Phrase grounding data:

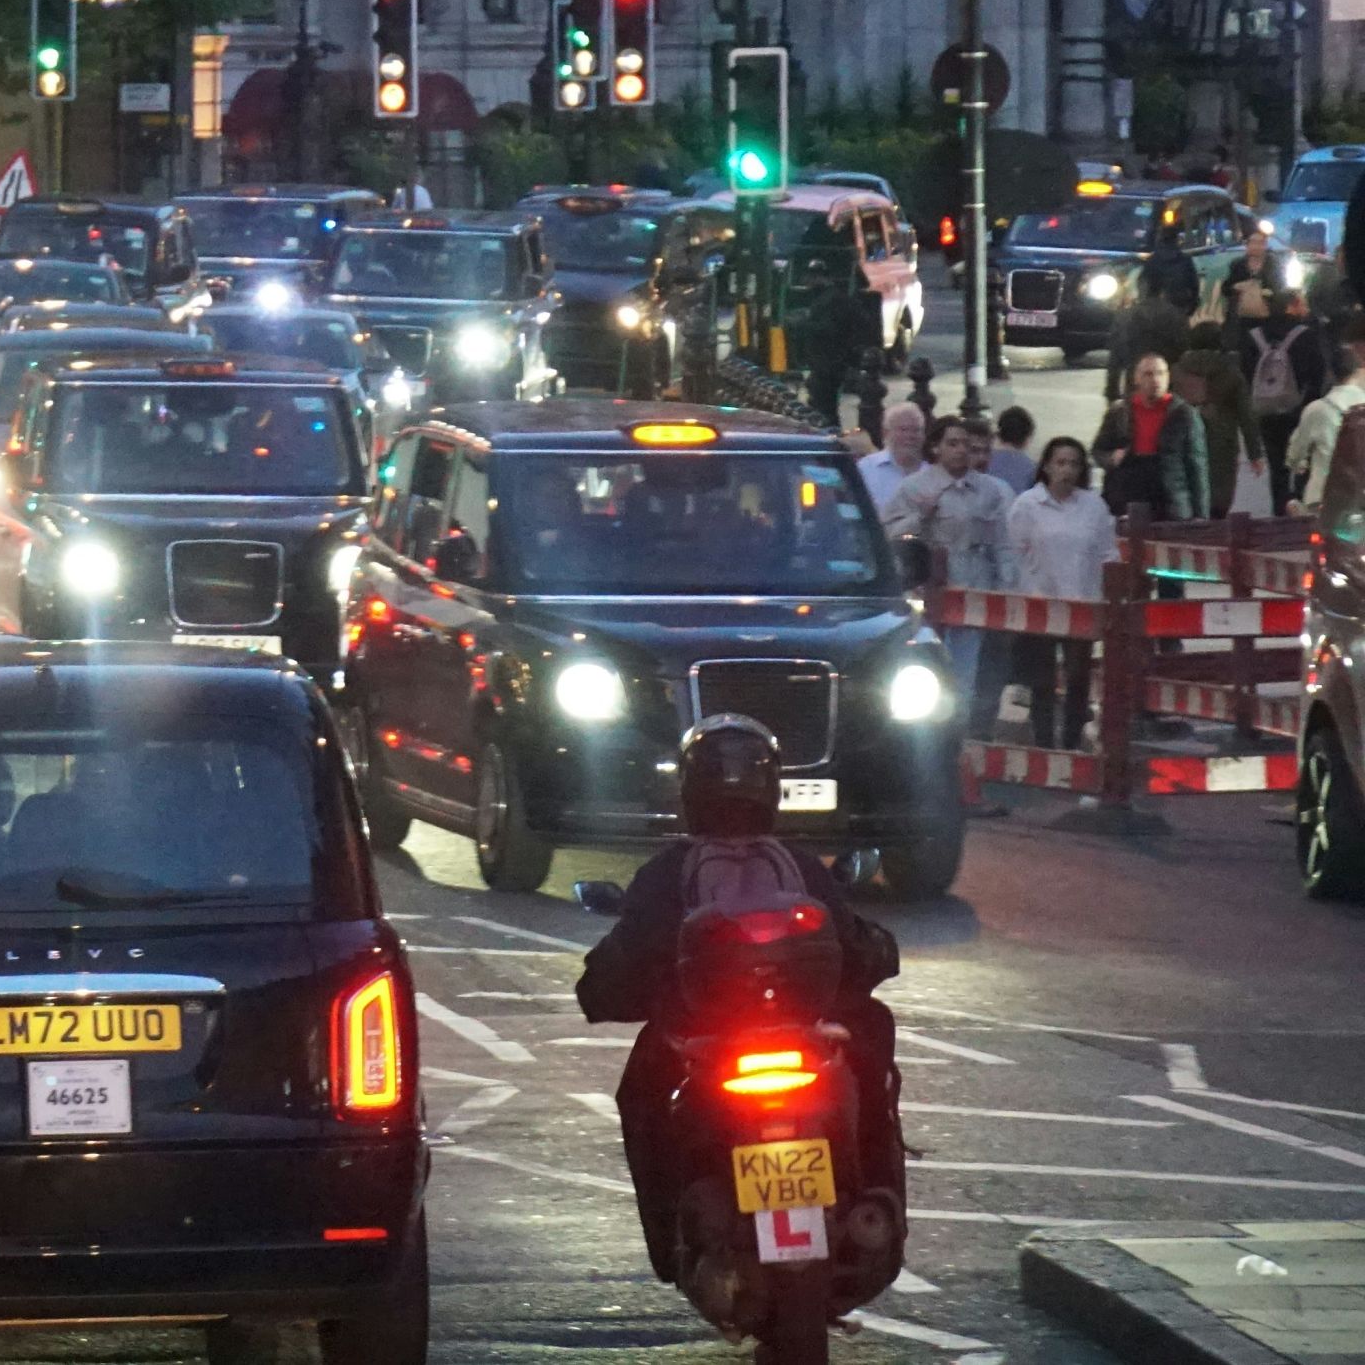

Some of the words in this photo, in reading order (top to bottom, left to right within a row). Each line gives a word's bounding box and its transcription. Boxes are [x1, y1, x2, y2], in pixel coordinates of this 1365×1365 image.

[5, 948, 145, 960] LEVC
[93, 1009, 164, 1042] UUO
[46, 1087, 109, 1105] 46625
[739, 1147, 826, 1178] KN22
[772, 1210, 812, 1247] L

- [WORK TO COMPLETE]:
Output the data exactly. Leave every picture out.

- [RESPONSE AREA]:
Some of the words in this photo, in reading order (top to bottom, left to right within a row). Each line gives a word's bounding box and its transcription. Boxes are [x1, y1, x2, y2], in pixel coordinates of this 1365×1365 image.

[5, 948, 145, 960] LEVC
[93, 1009, 164, 1042] UUO
[46, 1087, 109, 1105] 46625
[739, 1147, 826, 1178] KN22
[772, 1210, 812, 1247] L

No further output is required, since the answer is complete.